If you will permit me, I will introduce my reply by stating that there are two Criminal Code offences that relate to, let's call it, impaired driving. The first offence is operating a motor vehicle, a vessel, aircraft, or railway equipment while impaired by alcohol or by a drug. The second offence is related to alcohol alone. It's an offence to operate a vehicle, a vessel, an aircraft, or railway equipment while above the legal limit, which is 80 milligrams of alcohol in 100 millilitres of blood.
Let me further indicate that in respect of the second offence, which is sometimes called the per se offence—that means that simply being at that level is the offence, regardless of whether you show signs of impairment or not—if you were driving at that level, you are committing a Criminal Code offence. So the tools that were implemented by Parliament in 1969, in relation to investigating this over 80 milligrams offence, are tools that are called approved instruments. They give the actual blood alcohol concentration level evidence that can be used in court to prove the offence.
With respect to roadside investigation, in 1969 Parliament passed legislation for approved screening devices. These are screeners. The result from the screener can't be used in court. That result can only be used to go to the next level of the approved instrument.
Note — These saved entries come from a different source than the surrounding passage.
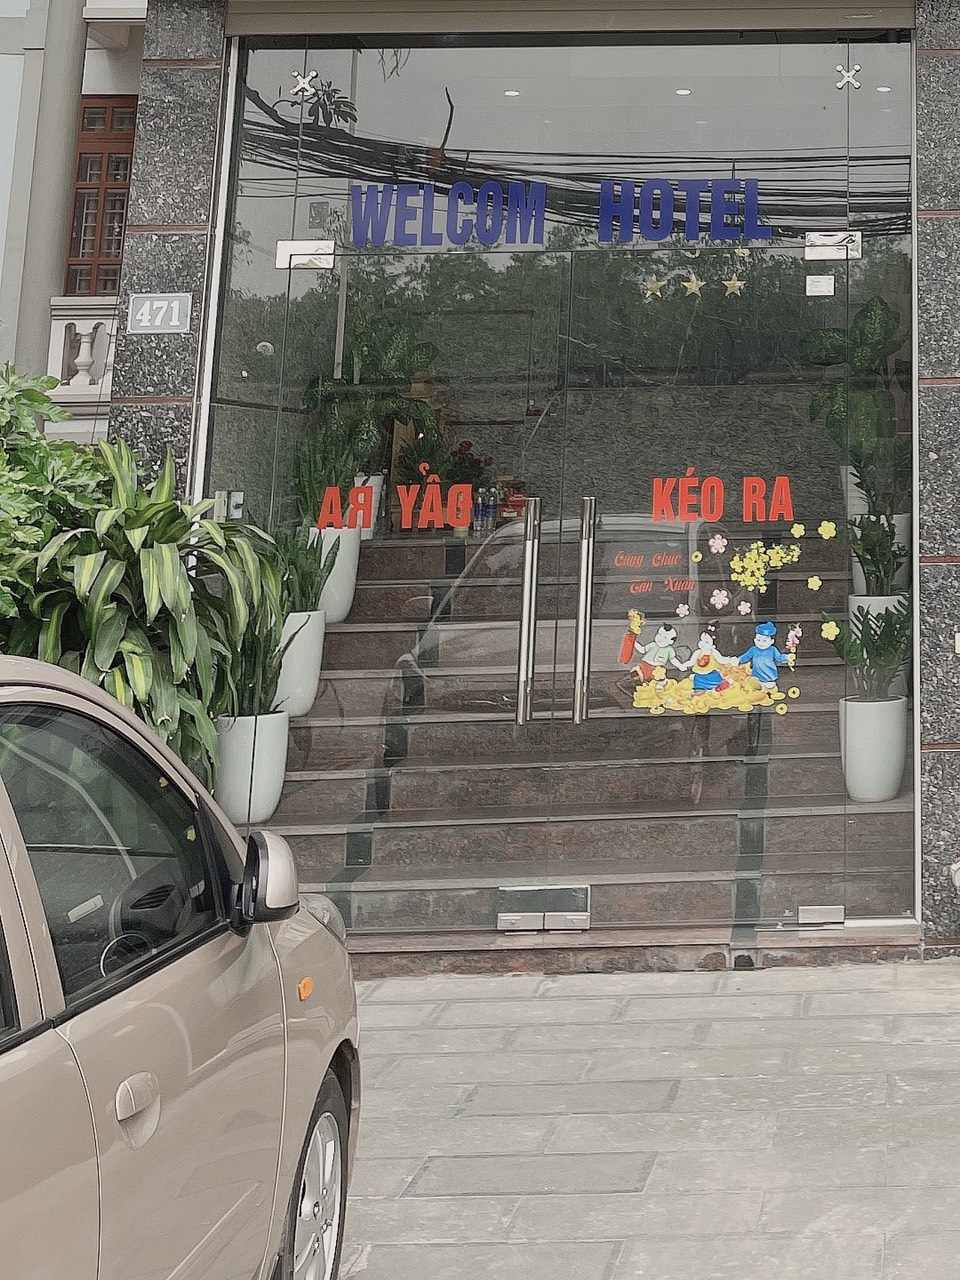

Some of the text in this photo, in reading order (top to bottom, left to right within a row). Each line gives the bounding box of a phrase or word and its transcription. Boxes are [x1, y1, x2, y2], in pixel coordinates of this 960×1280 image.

[350, 177, 773, 248] WELCOM HOTEL
[135, 300, 180, 327] 471
[652, 467, 794, 522] KÉO RA
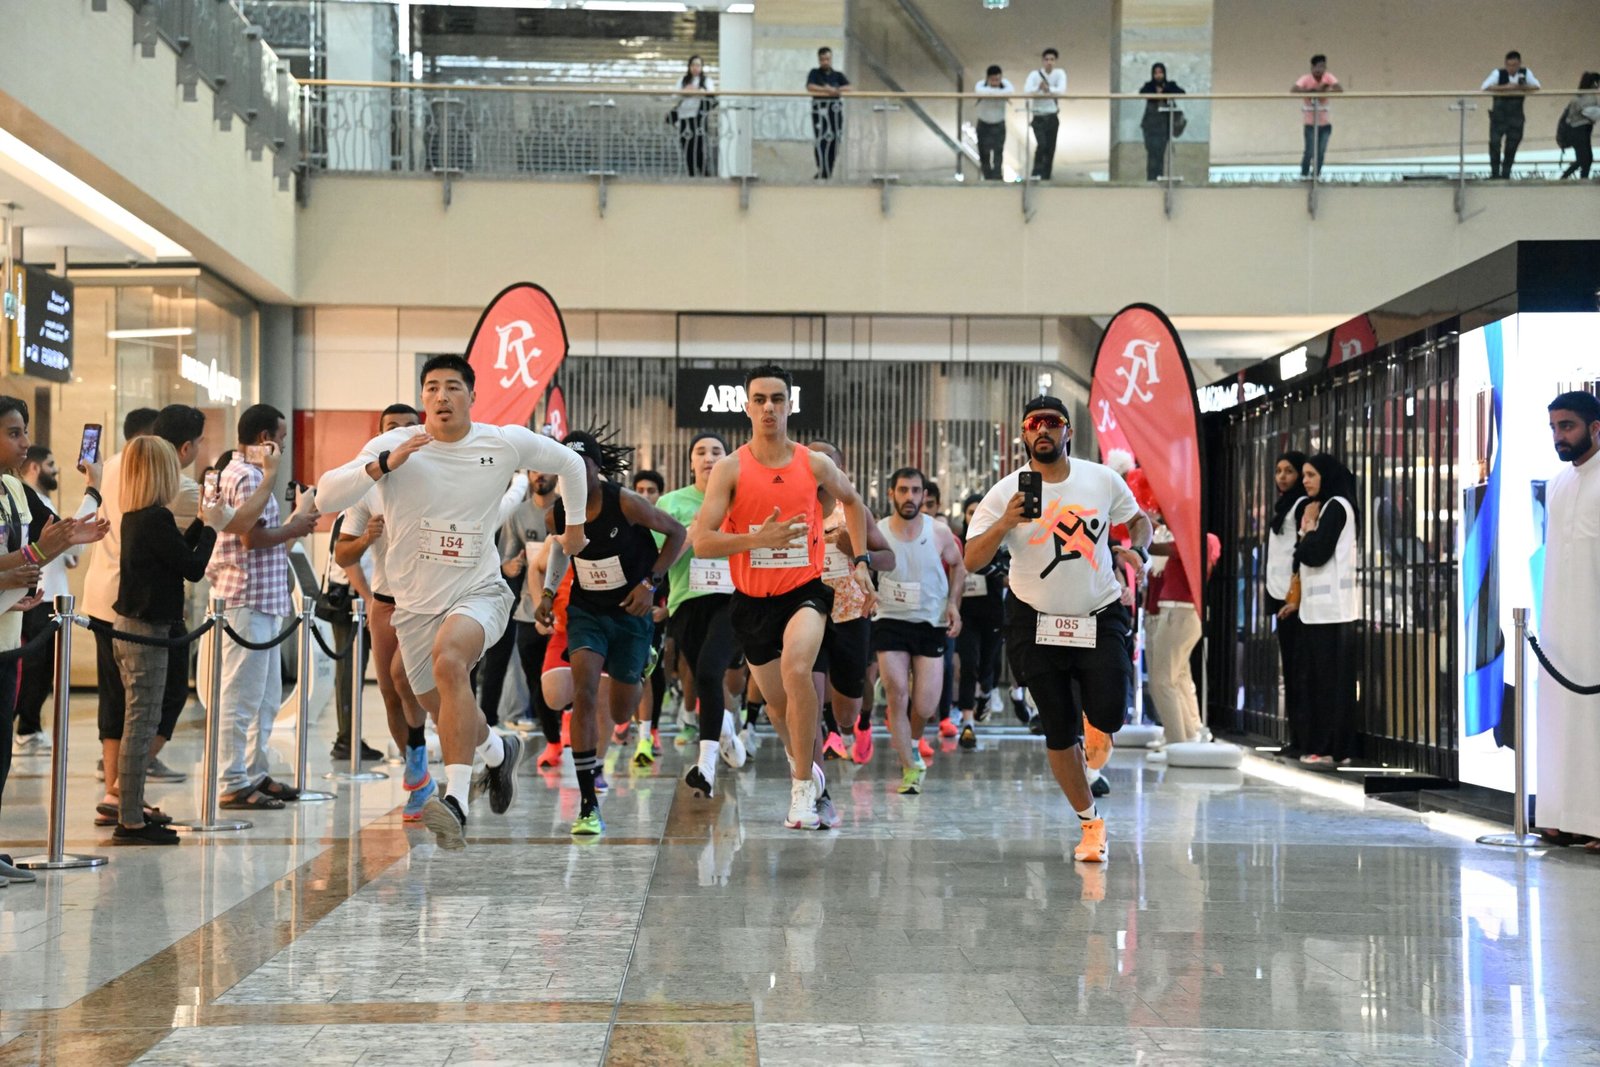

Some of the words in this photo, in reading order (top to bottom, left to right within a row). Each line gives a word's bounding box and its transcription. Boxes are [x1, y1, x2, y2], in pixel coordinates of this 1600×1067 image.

[439, 535, 465, 549] 154
[589, 570, 608, 579] 146
[704, 570, 722, 580] 153
[1055, 618, 1079, 630] 085
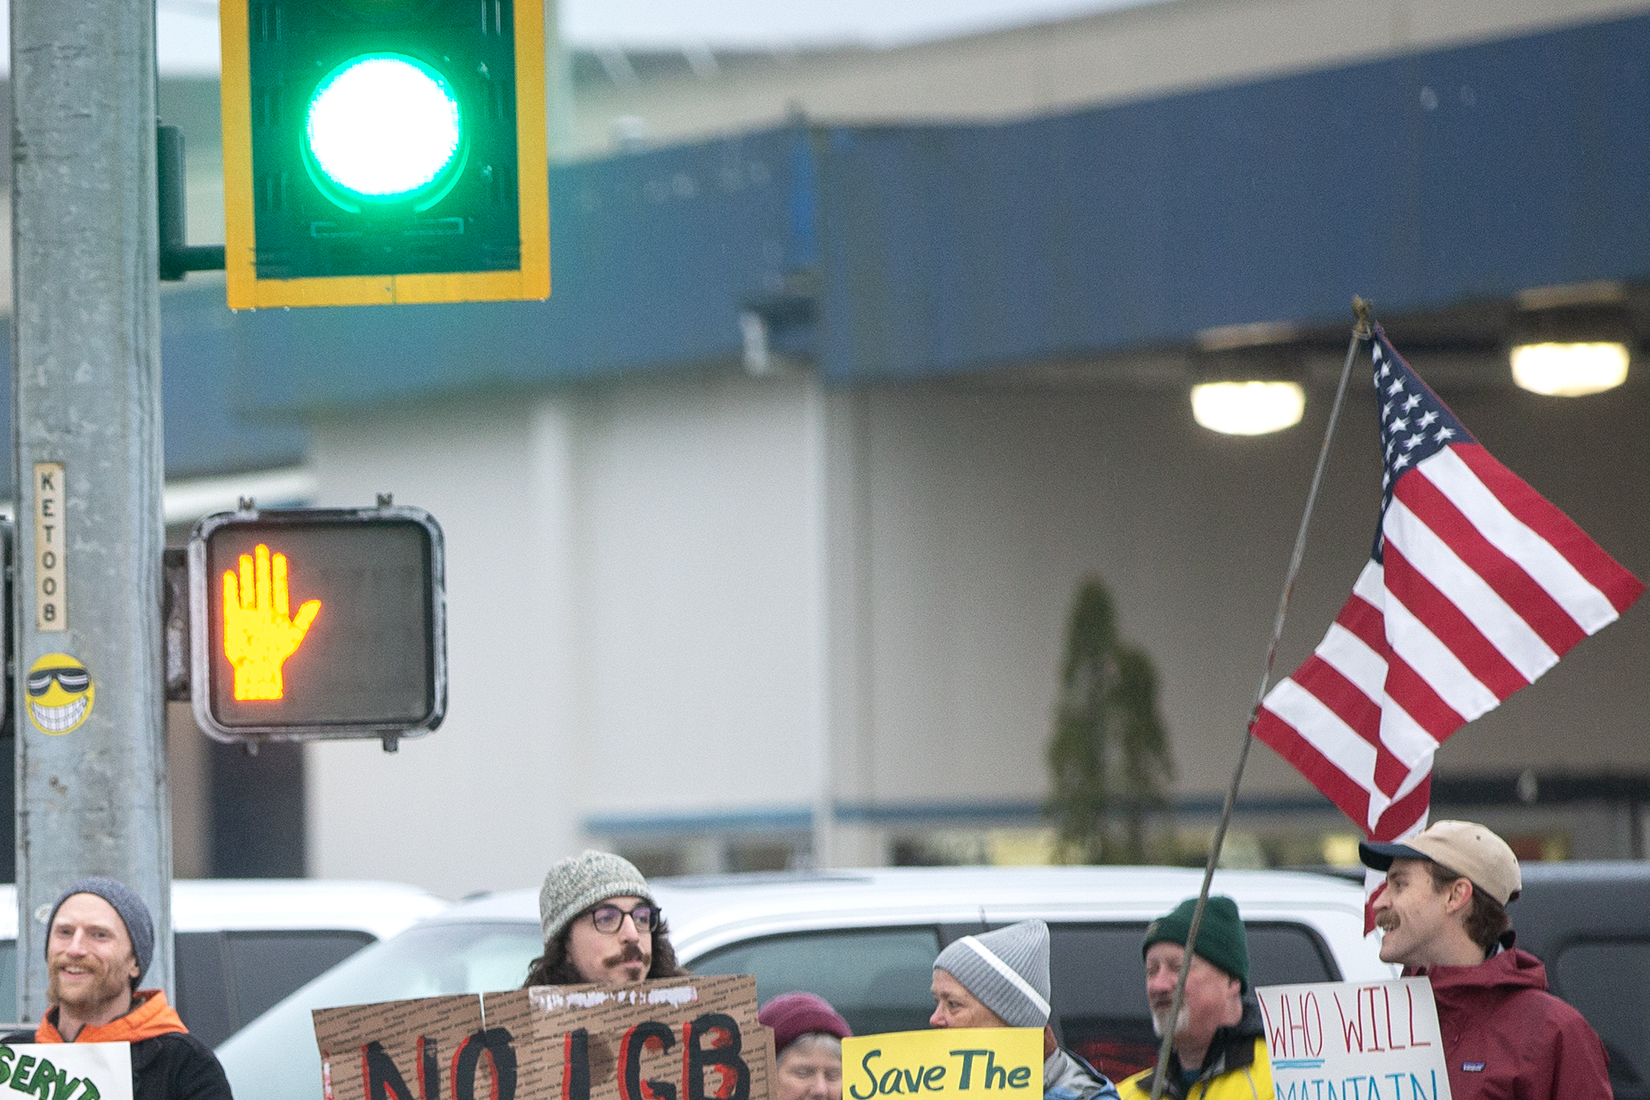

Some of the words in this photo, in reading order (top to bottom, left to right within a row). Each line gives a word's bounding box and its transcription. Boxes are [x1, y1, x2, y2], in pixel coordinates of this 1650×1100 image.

If someone fails on the screener at the roadside, the police can demand that they give a deep lung breath sample on the approved instrument, and also, I should say that the sample which is received on the approved screening device is a deep lung sample of breath.
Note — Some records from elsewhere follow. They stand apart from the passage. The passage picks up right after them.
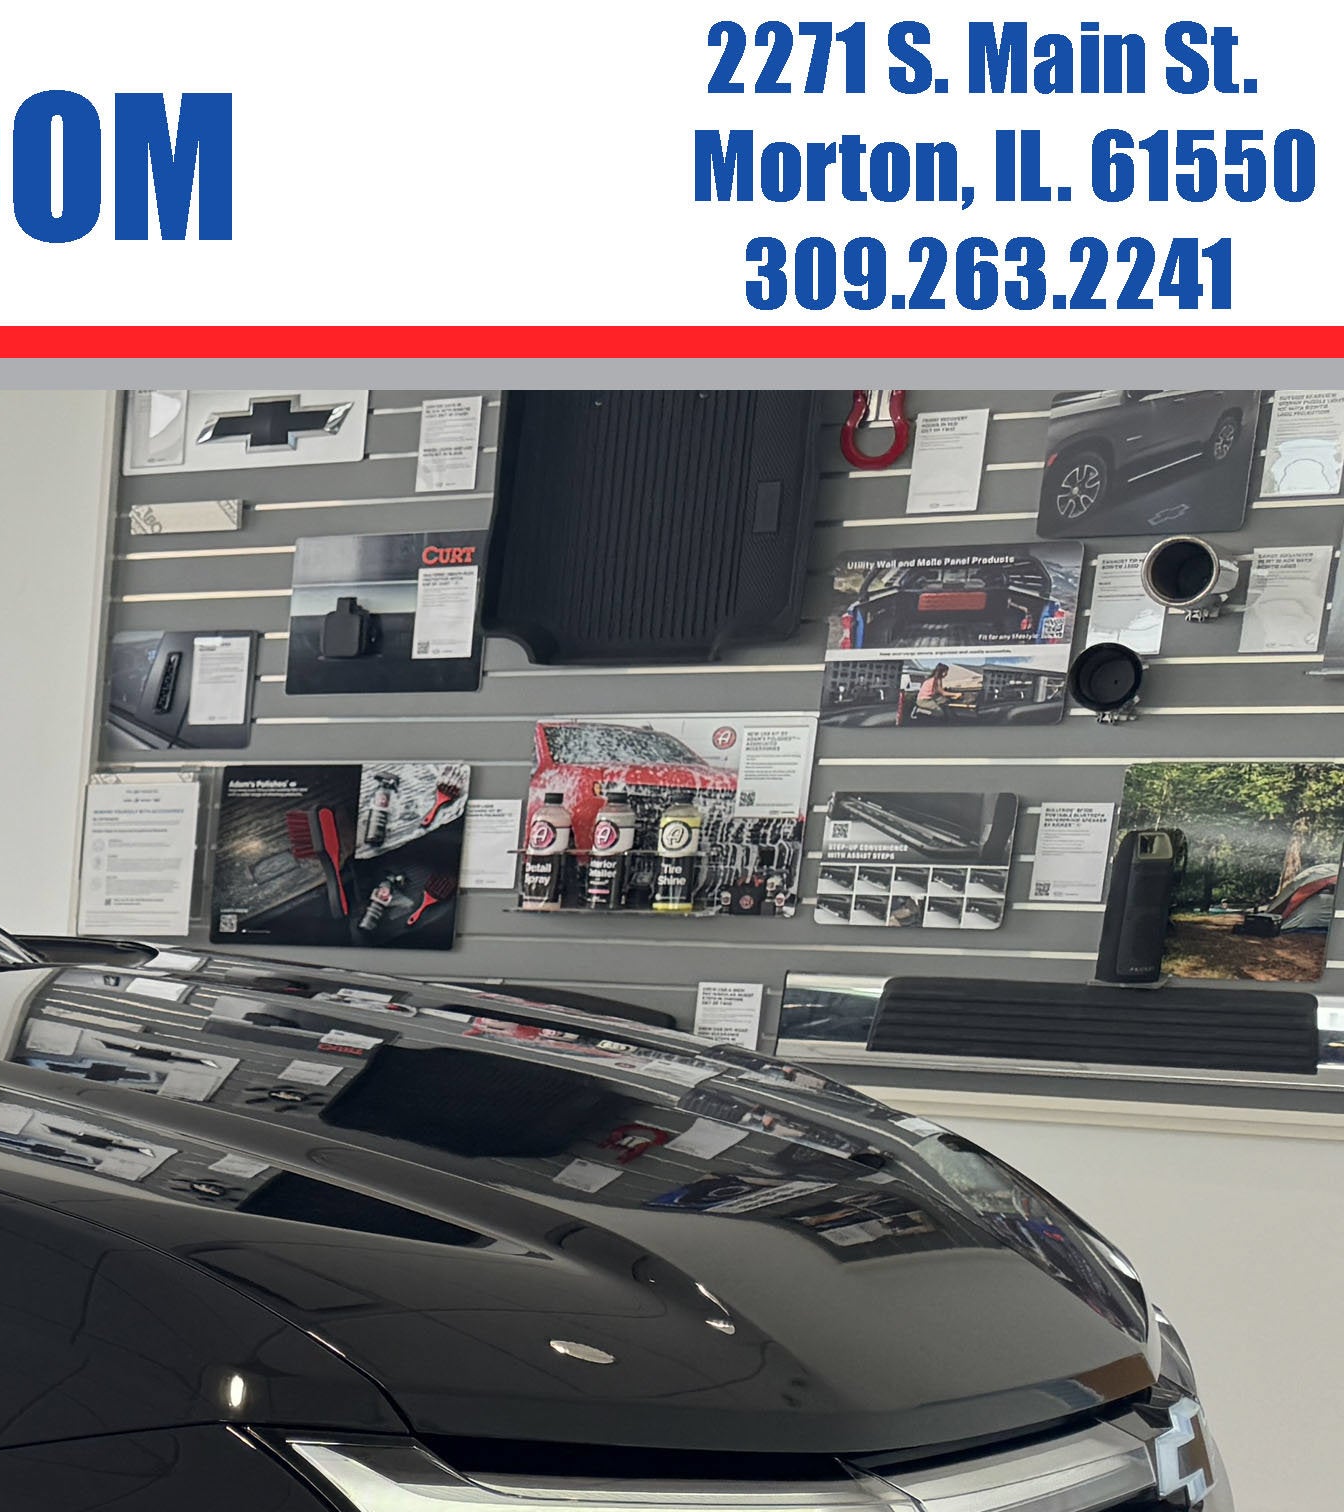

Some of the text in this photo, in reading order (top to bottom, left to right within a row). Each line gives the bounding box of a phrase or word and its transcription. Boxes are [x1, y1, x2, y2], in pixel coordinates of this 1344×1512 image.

[421, 545, 476, 566] CURT
[846, 561, 876, 570] Utility
[876, 559, 897, 569] Wall
[897, 559, 916, 569] and
[943, 556, 971, 566] Panel
[971, 555, 1016, 565] Products
[998, 633, 1011, 641] any
[525, 862, 552, 873] Detail
[662, 862, 683, 874] Tire
[656, 875, 687, 886] Shine
Having laid this foundation, I should quickly mention that the threshold to make a demand on the approved instrument at the police station is a reasonable belief that the driver has committed an impaired driving crime, whether that is the crime of impaired driving or the crime of being over the legal limit.
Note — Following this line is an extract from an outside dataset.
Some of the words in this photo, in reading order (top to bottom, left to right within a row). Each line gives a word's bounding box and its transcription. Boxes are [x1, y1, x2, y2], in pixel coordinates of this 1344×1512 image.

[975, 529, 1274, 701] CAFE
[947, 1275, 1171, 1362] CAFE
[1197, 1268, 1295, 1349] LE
The threshold has been called very low for the approved screening device. The threshold is simply a suspicion of alcohol in a driver's body. Currently, the suspicion is arrived at, as has been indicated by earlier witnesses, through things like odour of alcohol on the breath. One could add glossy bloodshot eyes, fumbling with documentation.
I apologize for being very long in coming to your question, but I think it should also be pointed out that police currently, either common law or under provincial statutes, have authorization to make a random stop of a driver in order to check their provincial driving licence, in order to check up on the vehicle fittings, or to check up on a driver's sobriety.